Wednesday, November 16, 2005

Hiring Funeral Guests

Here is an article about professional funeral guests in Taiwan. You hire them to create the appropriate level of sorrow at a family member's funeral:

Liu and her five-member Filial Daughters' Band are part of a thriving mourning business in Taiwan. They're professional entertainers paid by grieving families to wail, scream and create the anguished sorrow befitting a proper funeral.

The performances are as much a status symbol for the living as a show of respect for the dead on this island of 23-million people lying 145 km off the Chinese coast.

Weary, grieving relatives hire groups like the Filial Daughters' Band to perform their mournful stuff for $600 for a half day's work.

Maybe for a little more money, you could get Al Pacino to give an impassioned eulogy or bring in a phone booth and have Will Ferrell scream out "I'm in a glass case of emotion!" at your funeral.

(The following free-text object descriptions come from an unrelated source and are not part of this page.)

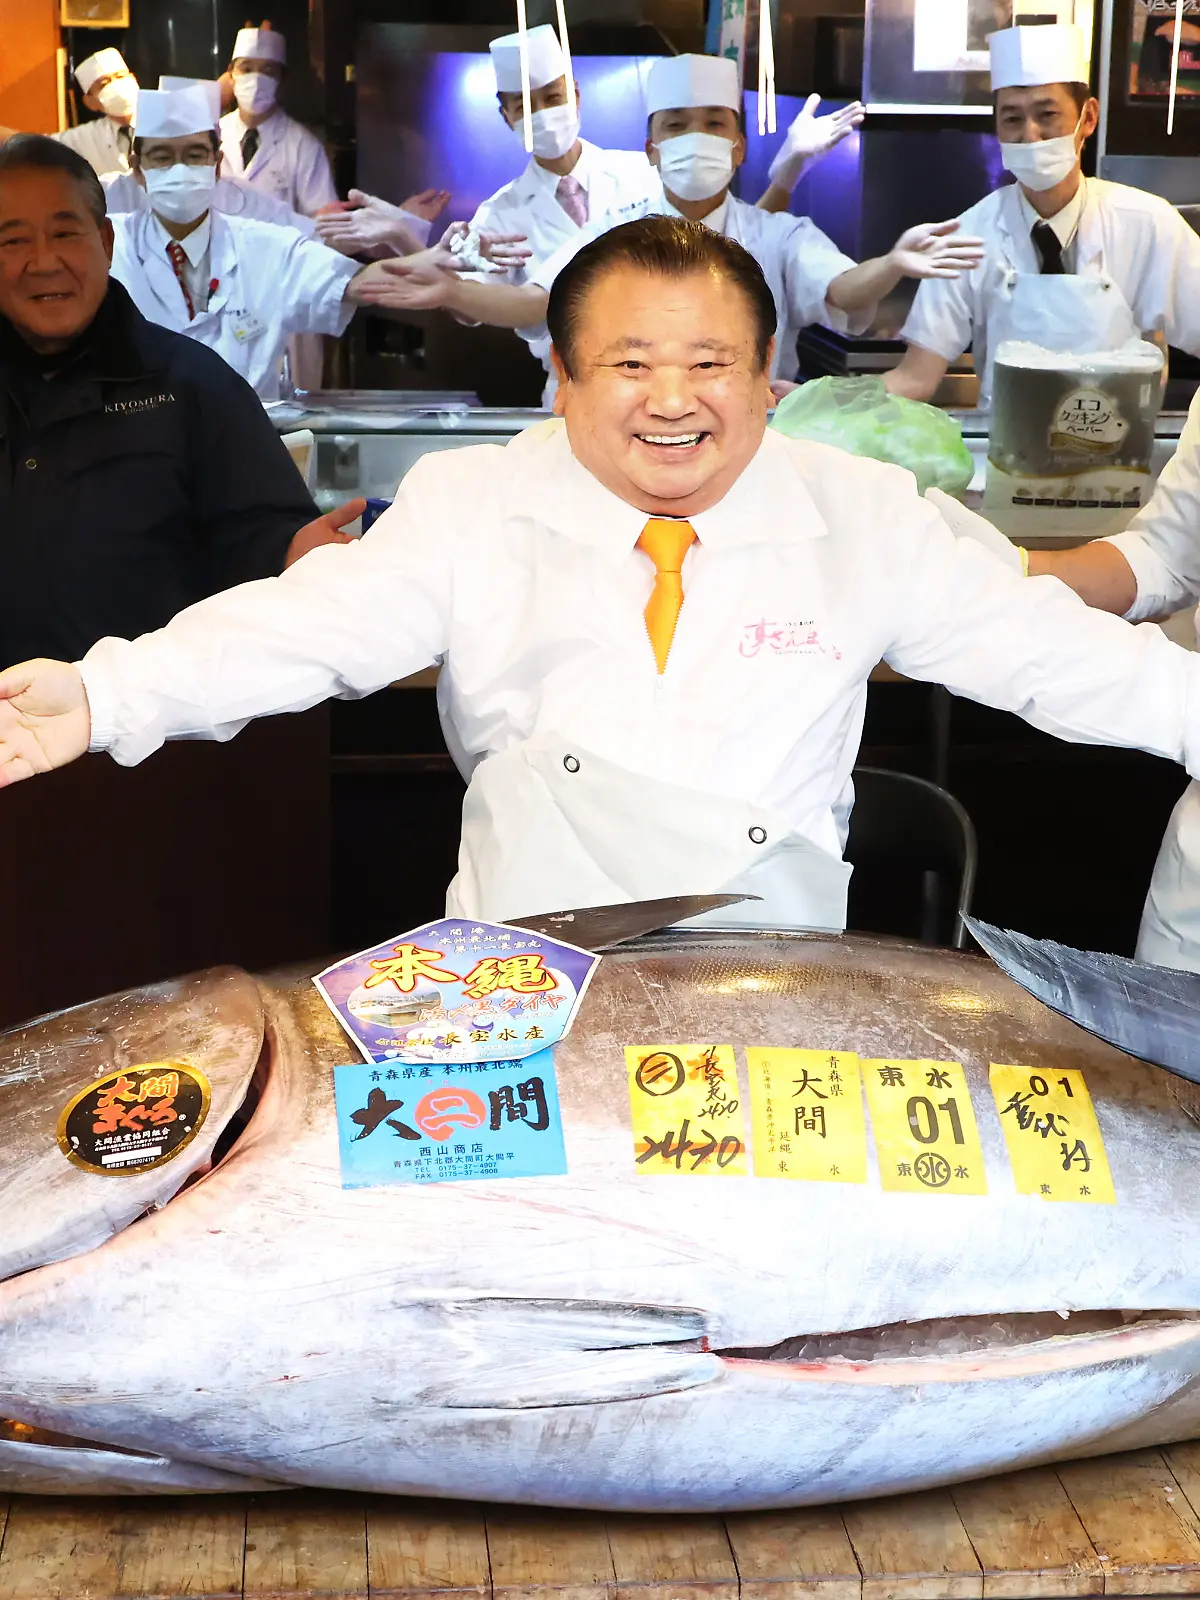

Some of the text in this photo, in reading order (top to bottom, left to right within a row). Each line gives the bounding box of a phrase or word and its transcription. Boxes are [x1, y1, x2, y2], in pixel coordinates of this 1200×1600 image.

[104, 393, 176, 413] KIYOMURA
[1073, 399, 1101, 411] エコ
[1062, 410, 1112, 425] クッキング
[1066, 425, 1103, 434] ペーパー
[364, 943, 558, 1000] 本縄
[368, 1058, 523, 1082] 青森県産 本州最北端
[826, 1055, 844, 1097] 青森県
[97, 1071, 179, 1108] 大間
[1029, 1075, 1074, 1098] 01
[92, 1097, 178, 1134] まぐろ
[791, 1068, 829, 1139] 大間
[906, 1096, 965, 1145] 01
[419, 1143, 483, 1156] 西山商店

(Source: Marginal Revolution)

11 comments:

Anonymous said...

My first thought was how wierd that is, but when you think about it, people are hired for everyday tasks that others may not want to do, such as cleaning a house or cooking (and cleaning up after) dinner. So this 'business' makes sense, its just a little strange. If I didn't like a certain family member, but it was necessary to make the proper show of the funeral, I might just have everyone chip in for some professional screamers so we didn't have to fake it.
-Andrew Gelly

Anonymous said...

I realize its a different culture, but from what i've read the whole idea of it sounds horrible! paying people to pretend to be sad doesn't really sound respectful. People should be able to be sound and grieve at their own amount and pace. I also think the business is taking advantage of grieving people. If having a business fake cry at a funeral has become popular, then to NOT have the same amount of crying would make the dead person seem not as liked... but that wouldnt necessarily be true.

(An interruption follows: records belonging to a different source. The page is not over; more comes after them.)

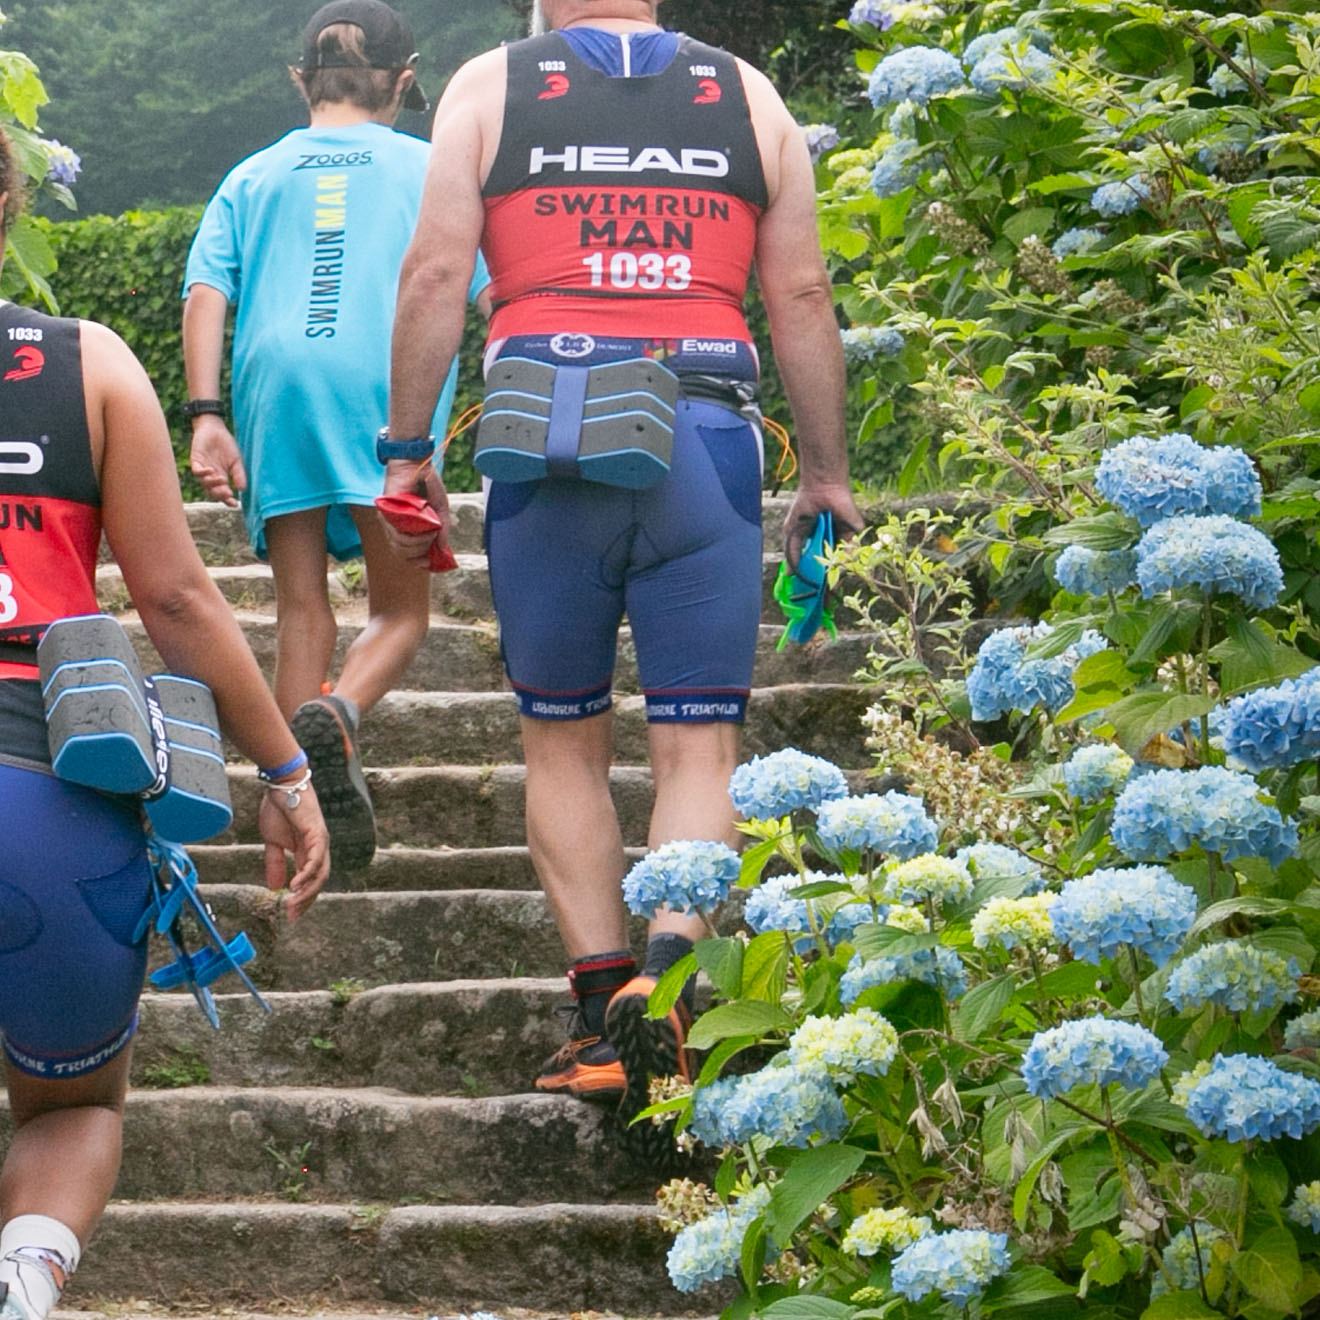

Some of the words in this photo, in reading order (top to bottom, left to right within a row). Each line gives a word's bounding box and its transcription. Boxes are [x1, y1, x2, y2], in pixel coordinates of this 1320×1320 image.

[537, 60, 566, 72] 1033
[688, 64, 717, 77] 1033
[291, 150, 373, 171] ZOGGS
[529, 146, 729, 178] HEAD
[534, 193, 729, 221] SWIMRUN
[581, 220, 693, 250] MAN
[582, 252, 692, 291] 1033
[7, 327, 43, 342] 1033
[682, 339, 736, 354] Ewad
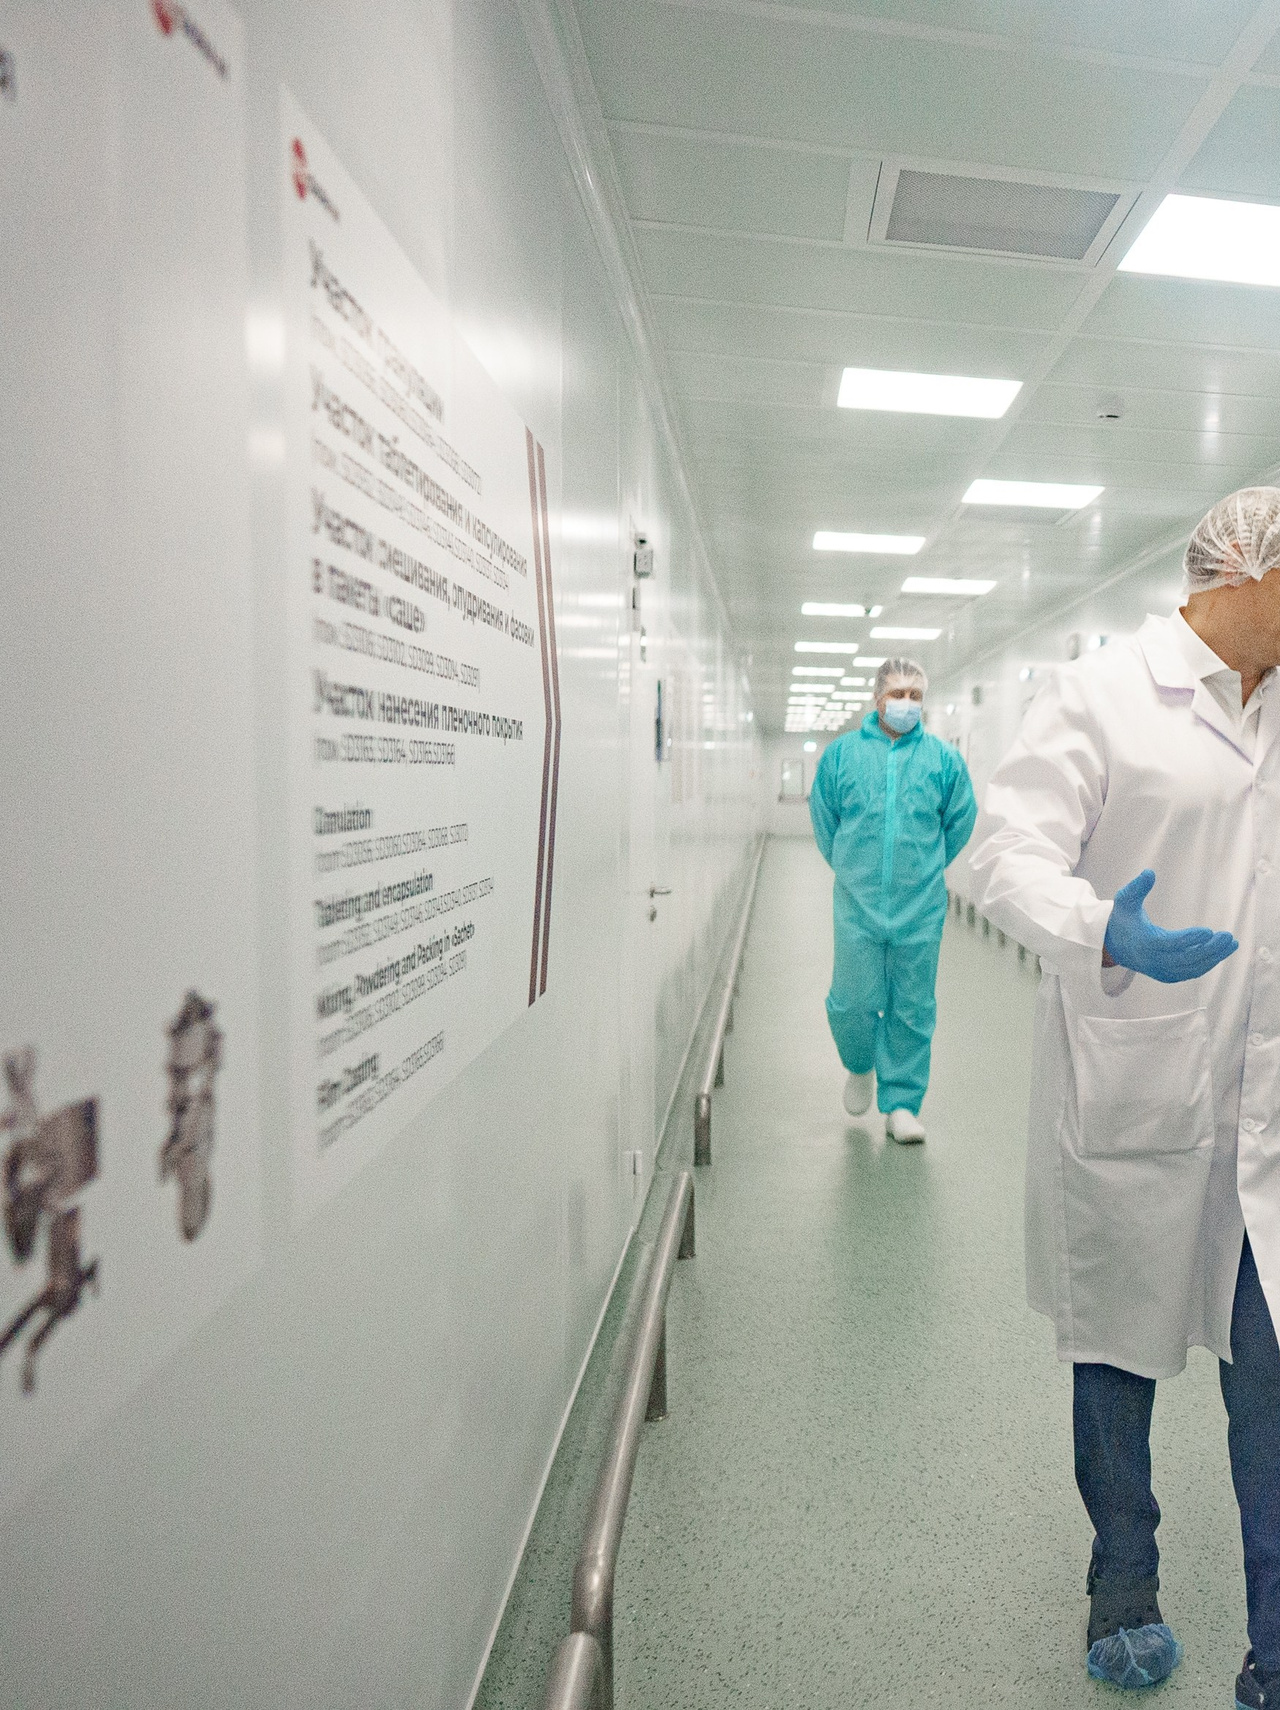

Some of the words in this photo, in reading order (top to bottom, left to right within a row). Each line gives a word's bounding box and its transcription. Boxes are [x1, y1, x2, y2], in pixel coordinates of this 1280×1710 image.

[472, 514, 527, 579] капсулирования
[378, 538, 450, 611] смешивания,
[452, 582, 504, 632] опудривания
[504, 612, 509, 635] и
[510, 609, 535, 648] фасовки
[382, 594, 426, 633] «саше»
[378, 690, 439, 730] нанесения
[441, 705, 491, 737] пленочного
[491, 715, 524, 745] покрытия
[381, 868, 433, 907] encapsulation
[354, 957, 400, 998] Powdering
[401, 945, 416, 975] and
[417, 935, 443, 967] Packing
[443, 929, 450, 952] in

Im not sure if that makes sense but it makes sense to me. It just sounds too much like buying friends and happiness except like your buying grievers instead...
-kelly Gaetano

Anonymous said...

When you think about the funeral process as a whole, paying someone $600 to add to the "apperance" of the funeral doesn't seem that absurd. Behind paying for a house and car, paying for a funeral is one of the most expensive purchases a consumer makes. The average funeral these days cost thousands of dollars and some reach insane prices. I think Ronald Regan's funeral was over 400 million dollars (makes $600 look like spare change). So how is paying for a coffin, a plot of land, or decorations any different than having people seem emotional at the funeral? They are all different ways to show respect to the person who has passed away.

Brian Berkowitz

Michael Arjona said...

Chris Hellmann's blog entry:
"The customs here would not accept such a 'business'. A funeral is not a competition to see who can have the most people show up and cry their eyes out, but a fairly quick, respectful payment of last respects to a lost soul. If the customs allow such a businees to exist, then the profits made were well deserved. Also, just to add to Brian's funeral cost estimation, Ronald Reagan's casket is estimated at $14,000."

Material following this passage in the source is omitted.